Photo by Isaiah Venzant

Most of Venzant’s clients come through referrals from the online Therapy For Black Girls network. They’re mostly college-aged women or recent grads dealing with life transitions who want to figure out how to finally see the payoff of all their hard work in school over the years. Venzant says the pandemic made all those issues pop up even more frequently.

“What I’m hearing is ‘I spent all this time to accomplish things, and then I did it, and I was supposed to reap the benefits and now I can’t,’” she says.

It’s another feeling Venzant relates to, as she often finds herself daydreaming about when it’ll be safe to finally take a trip to Mexico with her husband and her son, and wishes more than anything that she could safely take her son to her all-time favorite water park, Schliterbahn in New Braunfels.

Venzant has also spent much of the past year helping her clients deal with the mental anguish from this summer’s avalanche of tragic killings of Black Americans like George Floyd and Breonna Taylor at the hands of police officers across the country.

“I get a lot of Black clients who are [also] just working on dealing with the micro-traumas they’re experiencing, seeing all these things on the news,” she says. “How do they feel like they have a place in the world when some things are telling them that they don’t?” Venzant says.
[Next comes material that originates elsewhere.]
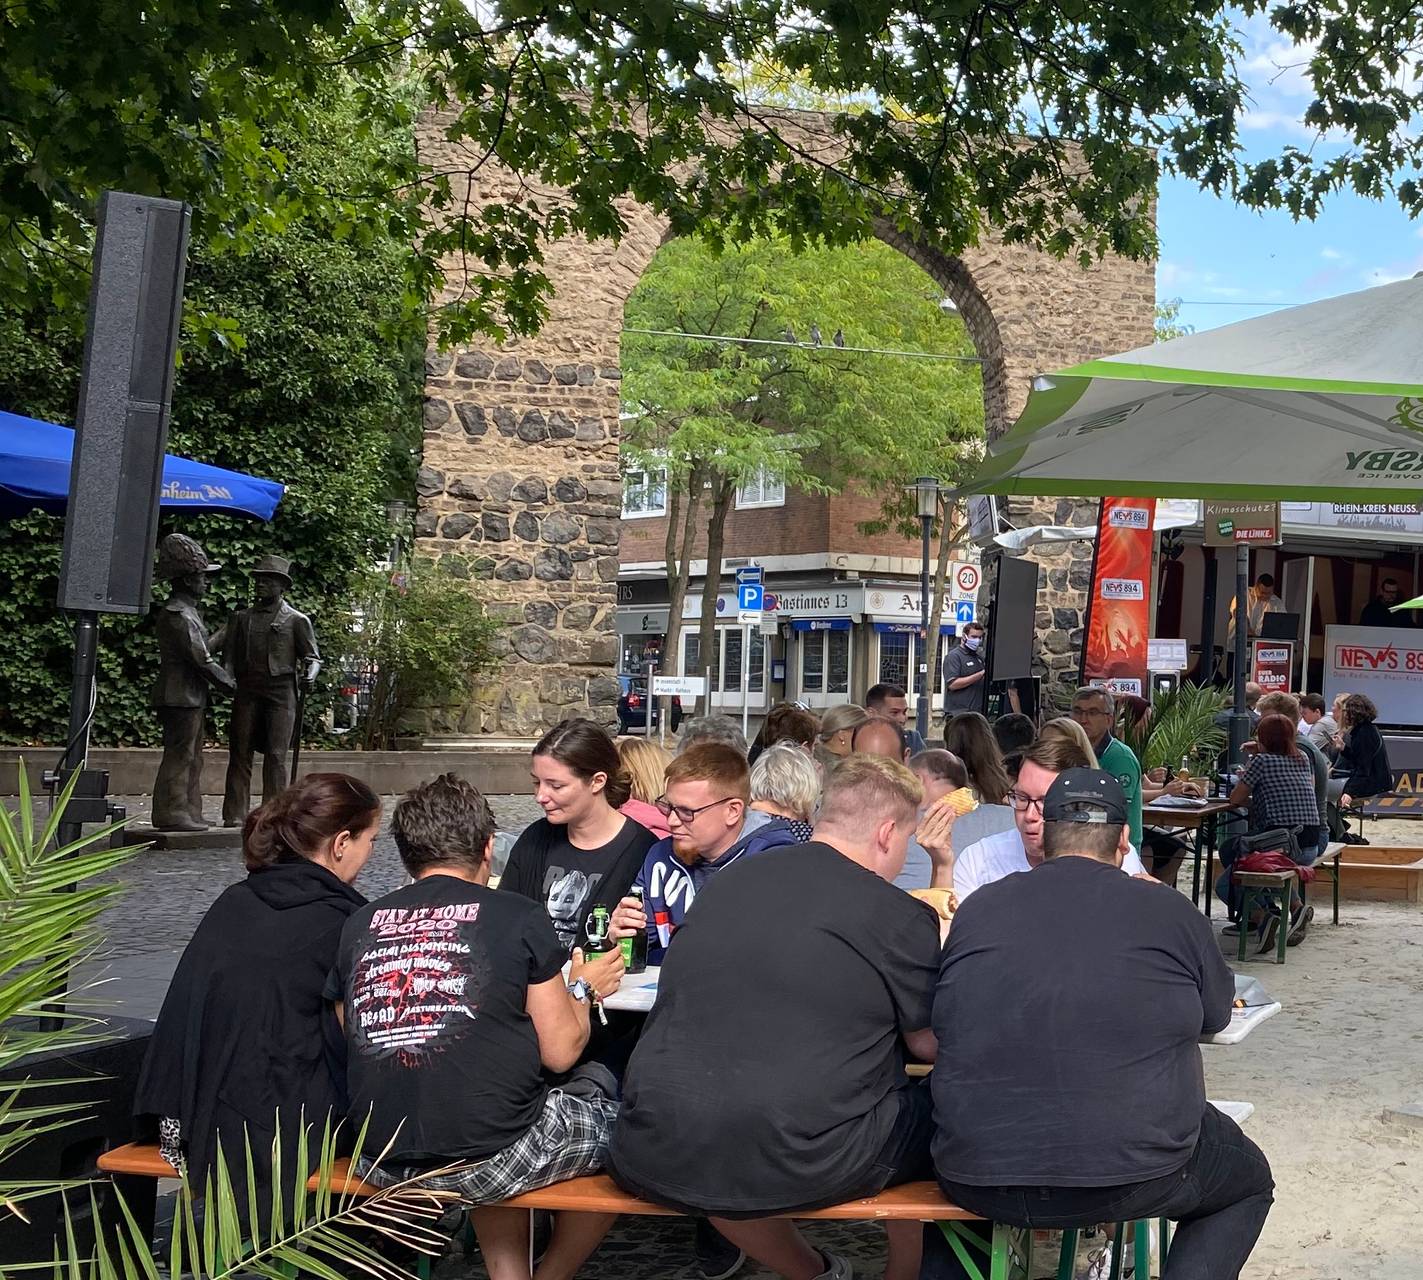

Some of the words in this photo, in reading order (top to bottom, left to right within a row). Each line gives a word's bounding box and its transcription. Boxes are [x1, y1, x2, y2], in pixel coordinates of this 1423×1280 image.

While she was able to make the transition to virtual video appointments fairly quickly in the pandemic’s early days (and still sees 99 percent of her clients virtually, she says), the newly digitized counseling world comes with its fair share of frustrations.

One of Venzant’s not-so-favorite pandemic developments is how some of her clients will try and dial-in to their video chat appointments through their cell phones while driving or riding in a car somewhere. One client called-in through her dashboard-mounted phone while literally driving around town; Another asked if she could go through with their appointment even though the client was video-chatting while riding around with her boyfriend.

At times like that, “I have to reschedule, because it’s just unsafe,” Venzant says.

And Try Working Without Tech Support

Recent UH grad and associate counselor Emily Hum would have felt lucky to have those kind of tech-induced problems while she was counseling kids from Montgomery, Walker and Liberty counties with behavioral issues at Tri-County Behavioral Healthcare last spring and summer. Her former employer didn’t even have the software in place to do video calls.

That meant every one of Hum’s appointments after Gov. Greg Abbot issued his statewide stay-home order in  March 2020 had to be done over the phone, which would be difficult with an adult on the other end of the line but was triply hard for Hum considering how many of her clients were four and five-year-olds.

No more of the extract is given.